The signature can be electronic: docusign, expensify, jotforms (which will log their ip address), PDF-sig, there are endless *easy* ways to do this. So this is not a requirement for paper. Big4 auditors will want paper with the bits stapled together (I have been asked), but technically it isn't necessary.
Controls: you want a process that goes Employee-authorizer-executor/payer. The bank will require your signature as part of the process (the payer). You need to require the same as the authorizer/budget owner, and they in turn need to require that of the employee. If you are so small that the employee and authorizer are the same, that's ok. Just ask for the sig. Failure to do that is a controls failure. This would jeopardize and audit, might negate your insurance if there is an issue, etc.

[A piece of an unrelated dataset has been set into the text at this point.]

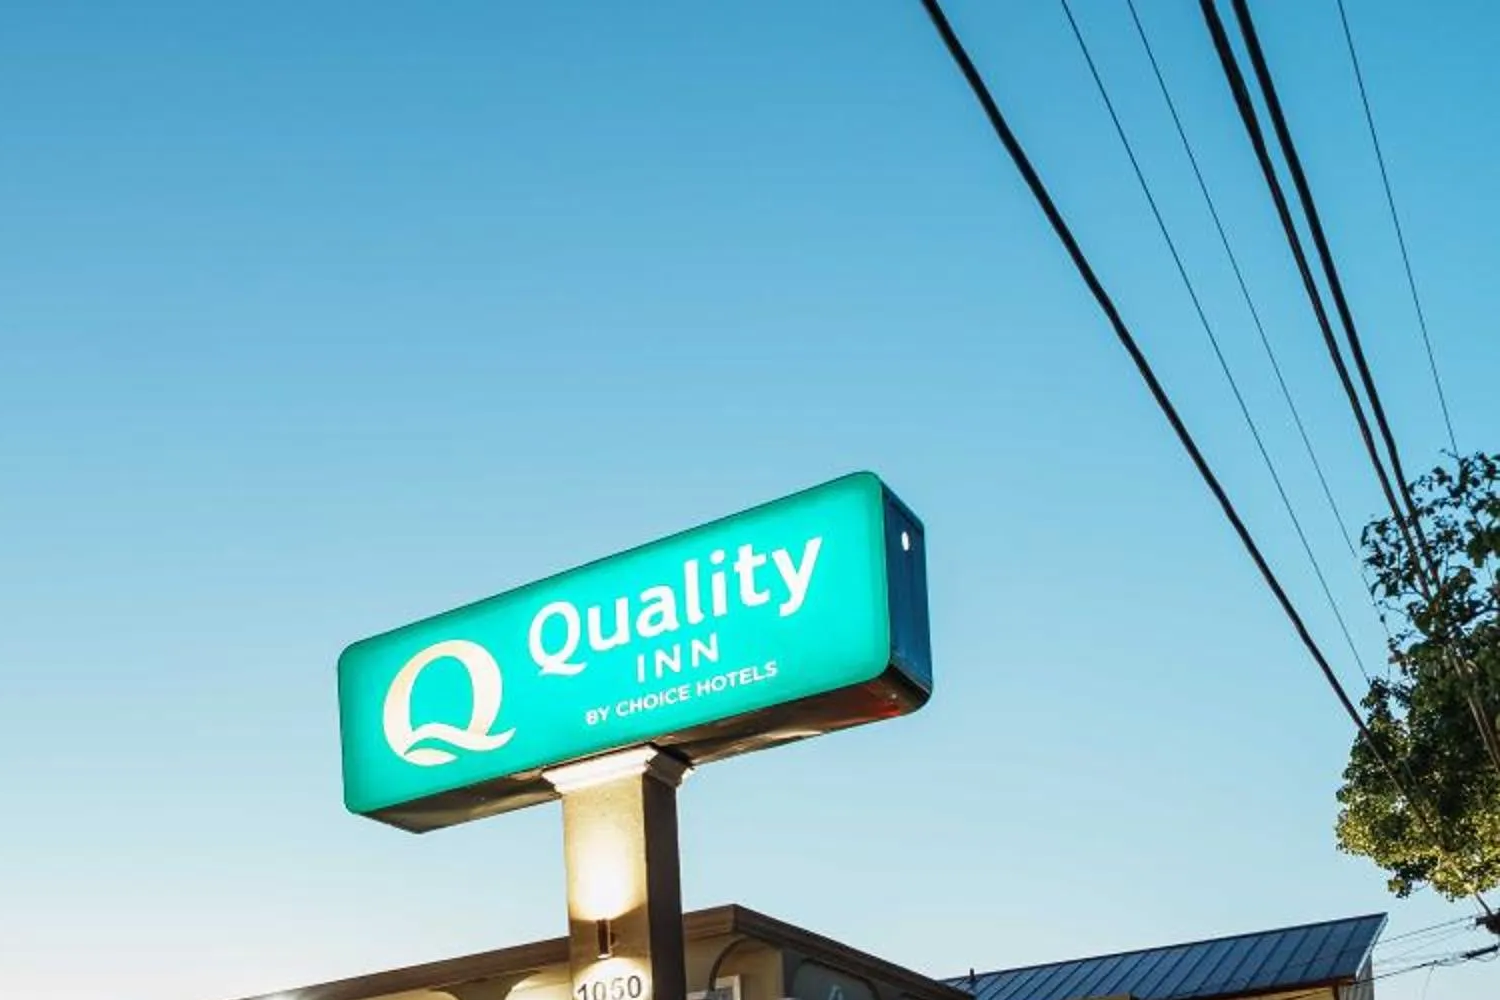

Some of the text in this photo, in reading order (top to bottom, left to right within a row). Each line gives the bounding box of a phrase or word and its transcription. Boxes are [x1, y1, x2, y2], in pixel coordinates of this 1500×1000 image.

[528, 536, 823, 676] Quality
[383, 639, 516, 767] Q
[585, 661, 778, 725] BY CHOICE HOTELS
[637, 632, 719, 683] INN

Legal protection: Beyond the controls-failure-based horrors, there are legalities.
-Employee providing positive confirmation that the expense was for a purpose, and is not just embezzling money.
-Employee providing positive confirmation that the expense was a business expense, so if the IRS comes knocking, you can positively assert that you did not owe withholdings and you have aircover that you aren't party to
Example (though this may not dovetail with you). Employee/Founder/Authorizer is the same person, is very busy, and just runs their credit card through the expense process, high-lighting what should be reimbursed. The company pays.

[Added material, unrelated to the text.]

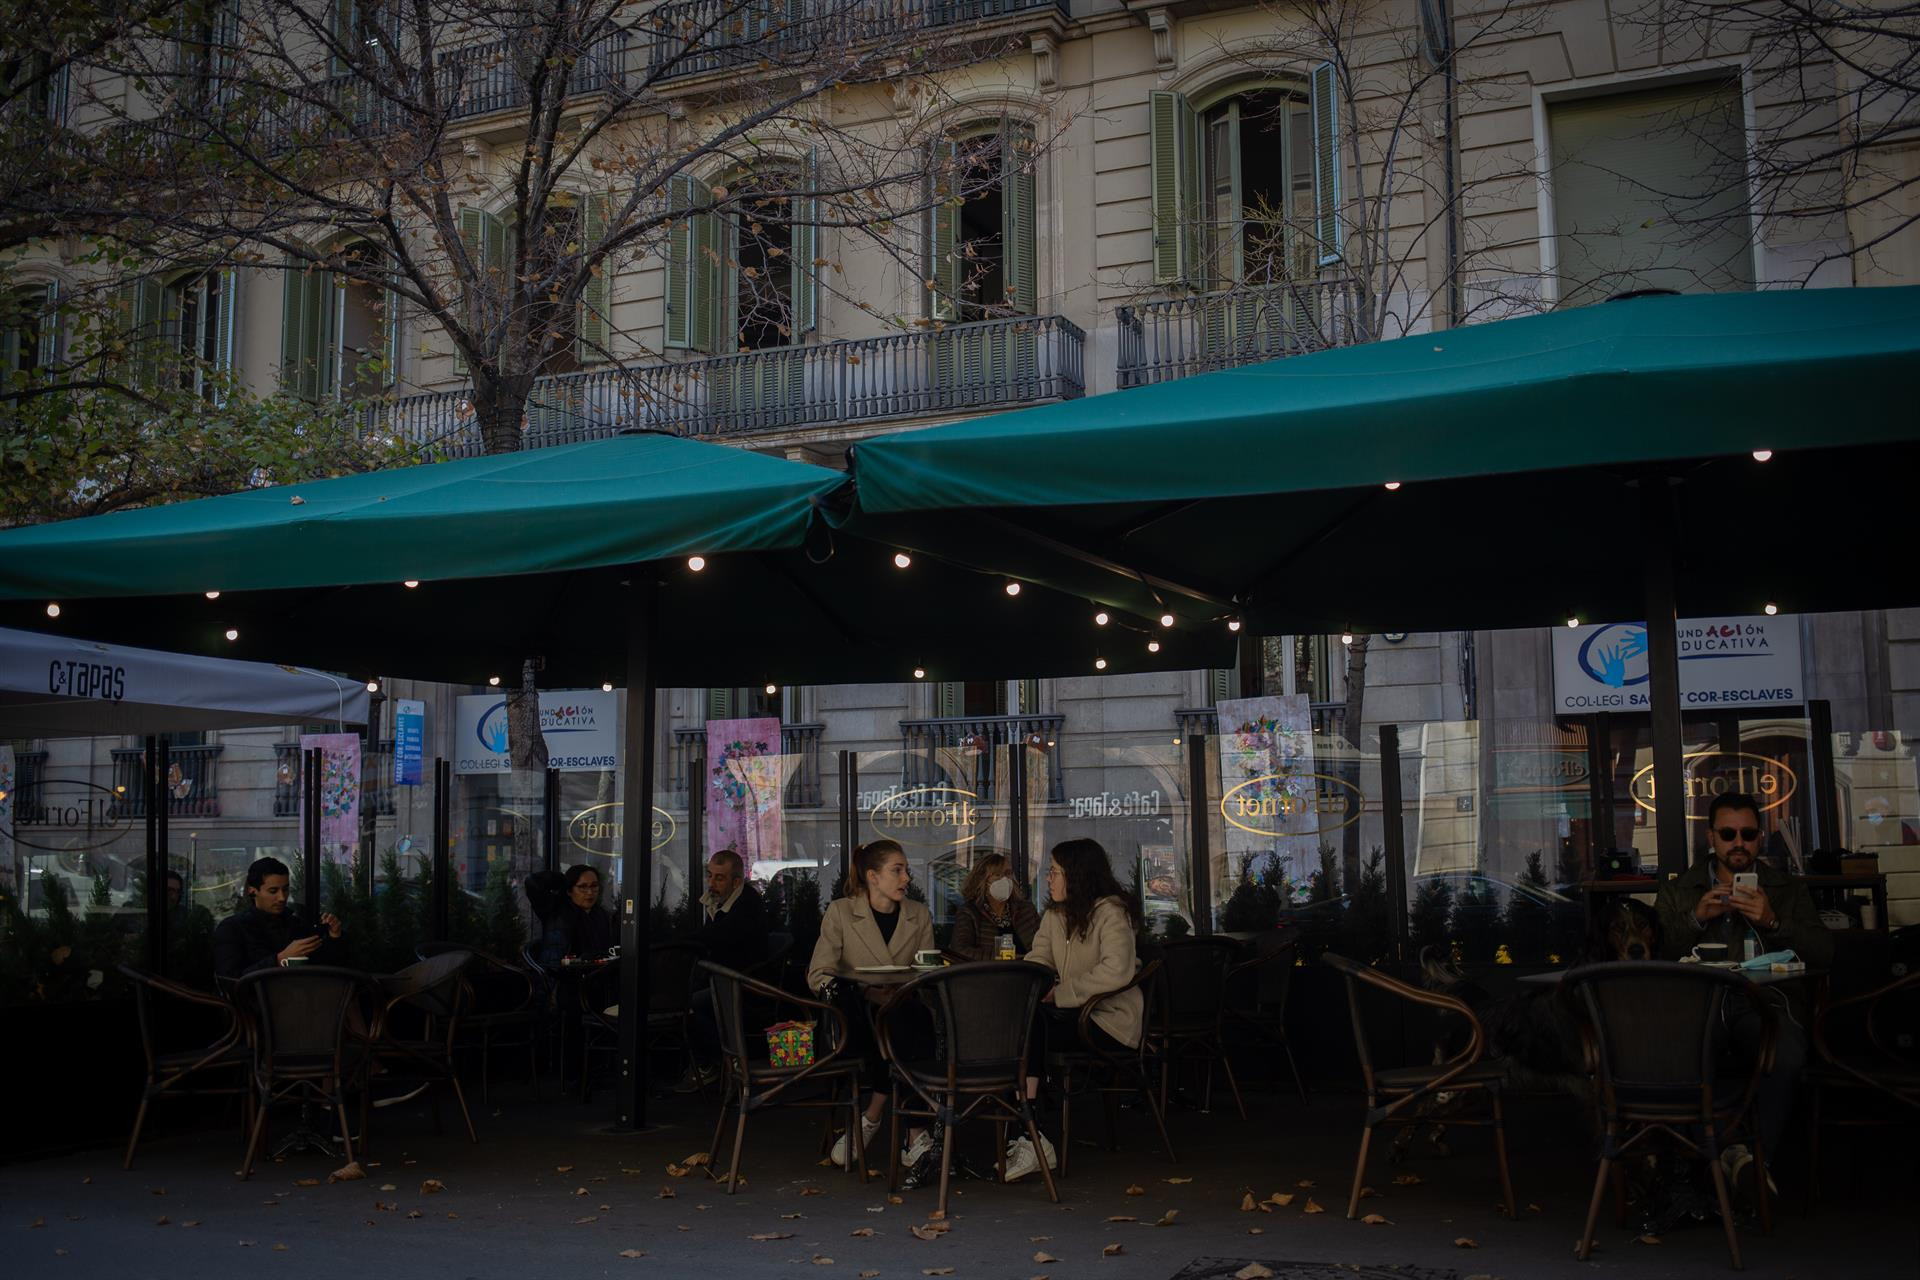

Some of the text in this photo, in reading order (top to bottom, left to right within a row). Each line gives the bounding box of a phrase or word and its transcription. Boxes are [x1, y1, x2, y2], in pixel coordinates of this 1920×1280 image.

Time goes on, and the IRS audits the payee. You don't have receipts (their cc statement does not count), and you don't have a signed document indicating that the employee approved the payment as a reimbursement and not as income.
Company ends up owing taxes and penalties, and you aren't in a position to help the employee. Employee in turn also needs to pay tax. Maybe they can sue you for that?

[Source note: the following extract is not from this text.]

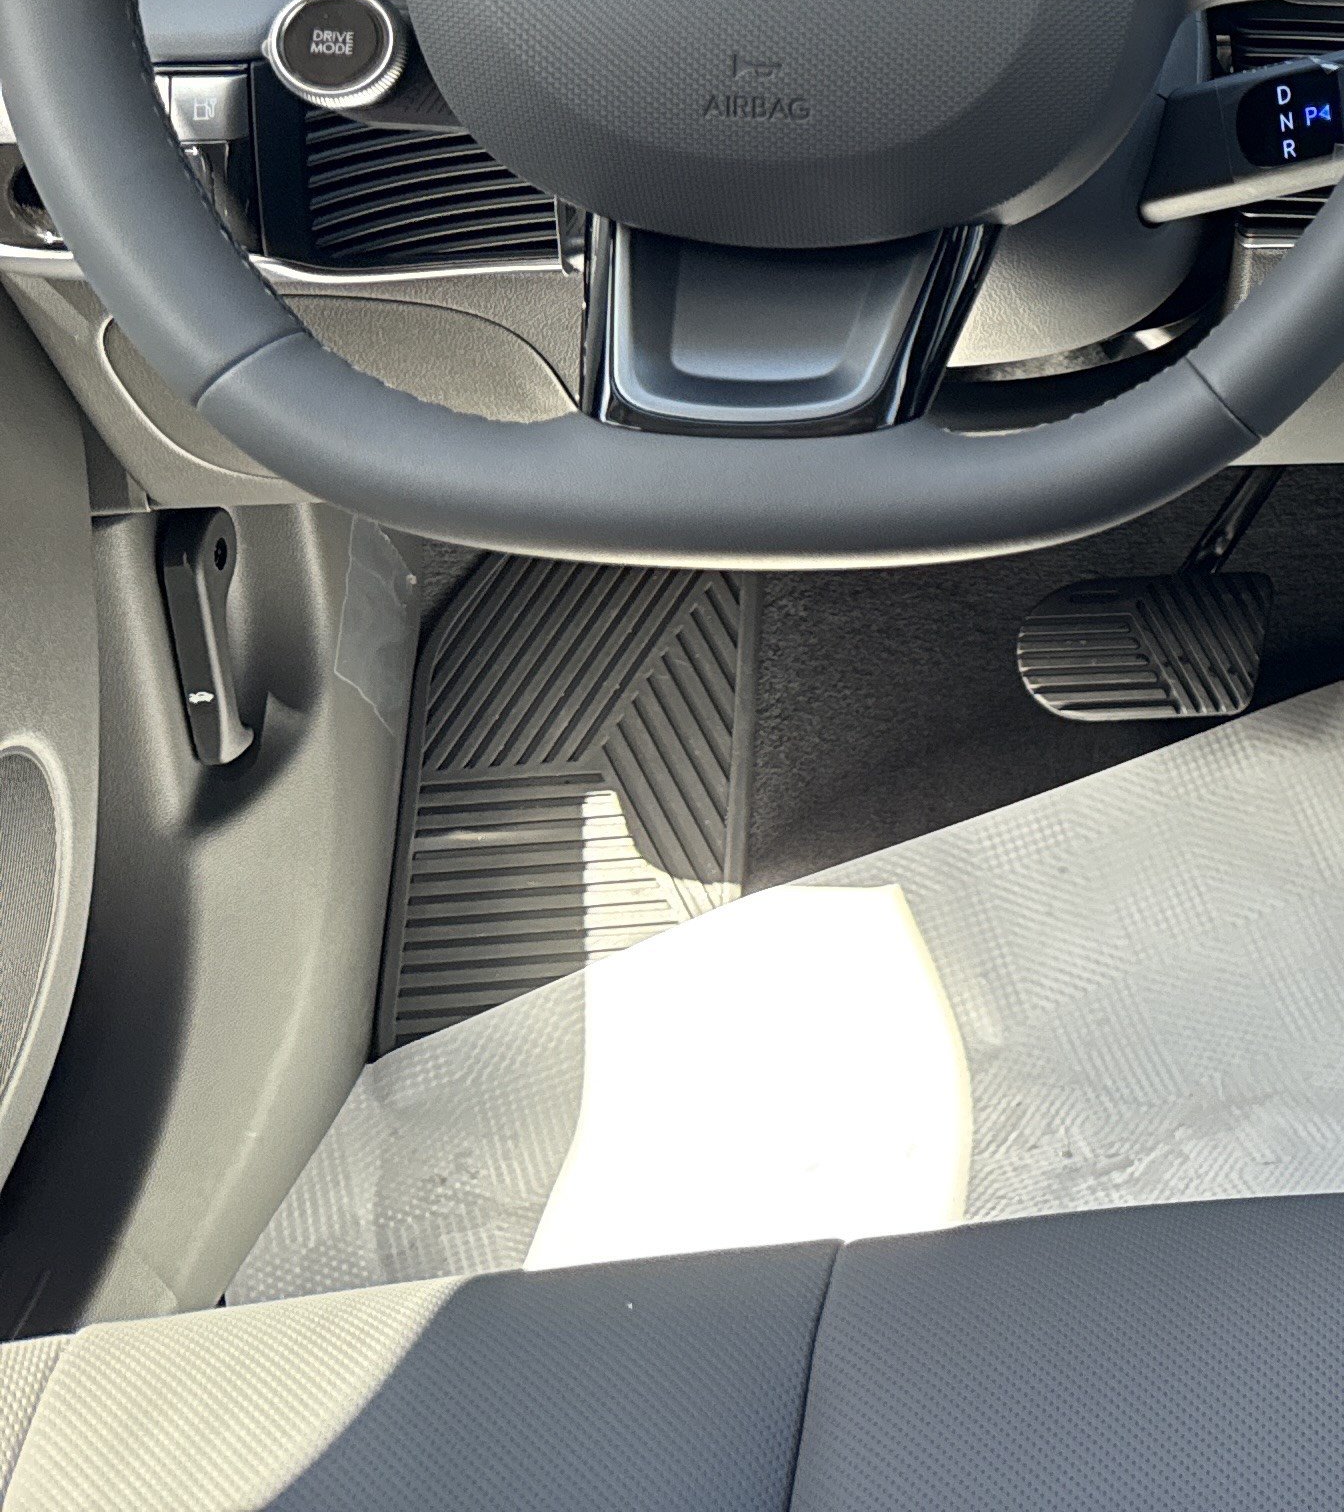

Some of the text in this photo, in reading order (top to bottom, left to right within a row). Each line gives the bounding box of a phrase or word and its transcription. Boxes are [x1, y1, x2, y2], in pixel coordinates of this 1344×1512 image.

Worse example: disgruntled employee gets audited. Maybe you will need to have an employment practices claim. No controls; no claim. Add that to the list above.
You need controls and process. Not just for when it all works, but for when something goes off the tracks.
KP
In addition to the above comments, signing the expense reports by the beneficiary protects the account manager from being charged with manipulation of expenses; ownership is attached to signatures.
Generally, companies do make employees sign the expense [reimbursement] reports. Companies want to know that the expenses are authentic and related to person who submitted them.
By not having employees sign the reports, the company has an internal control issue.
The company could just not reimburse the employee for the unsigned report with the expenses because it's not signed therefore not verified. That could be built into the internal control procedure that unsigned reports, along with missing receipts, etc..., would not be reimbursed.
Legal reasons are more tax related reasons...
An "accountable" expense plan that is written somewhere in the company's policies...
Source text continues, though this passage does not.